How Bob used implementation details in tests

Is it okay to use implementation details in tests? And if not, why so?

Have you met Bob? Probably yes, if you read What Real Madrid can teach us about leadership or my recent article about using "silent grouping" in estimation.
If you haven't – don't worry, I'll introduce him now.

Here is Bob:

One interesting fact about Bob is that he is really into testing:

But something really odd happened to him recently.
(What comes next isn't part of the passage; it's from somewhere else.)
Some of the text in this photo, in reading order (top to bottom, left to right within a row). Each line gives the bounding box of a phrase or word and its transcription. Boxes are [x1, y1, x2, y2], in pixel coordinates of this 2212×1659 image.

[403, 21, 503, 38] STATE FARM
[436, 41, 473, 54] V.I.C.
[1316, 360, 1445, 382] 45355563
He wrote a new feature, covered its logic with tests and sent it to code review.

Can you imagine how dumbfounded he was when Jane, his colleague from the picture above, rejected the pull request with this comment:

And it was just the beginning of a long conversation.

Let's challenge best practices

Bob quickly responded to Jane's comment and started refreshing the page, waiting for an answer.

"You know that GitHub will notify you about all new comments, right?" Jane saw what he's doing and laughed at that.
"Do you have time now?"

Bob nodded: it was his last task, and he had all the time in the world.

Jane moved her chair closer to Bob's desk and looked at the screen once again. "Any real reason..." she said thoughtfully. "I don't know, it's just good practice, isn't it? People wouldn't do it if it was bad."

"People recommended bloodletting not too long ago," Bob replied with the smile. "And CSS-in-JS".

Jane laughed, "CSS-in-JS is cool, come on. But you have a point, let's find out a reason".

She took the keyboard, opened Google and started searching.

Implementation details in tests

She pressed enter and opened several links from the results.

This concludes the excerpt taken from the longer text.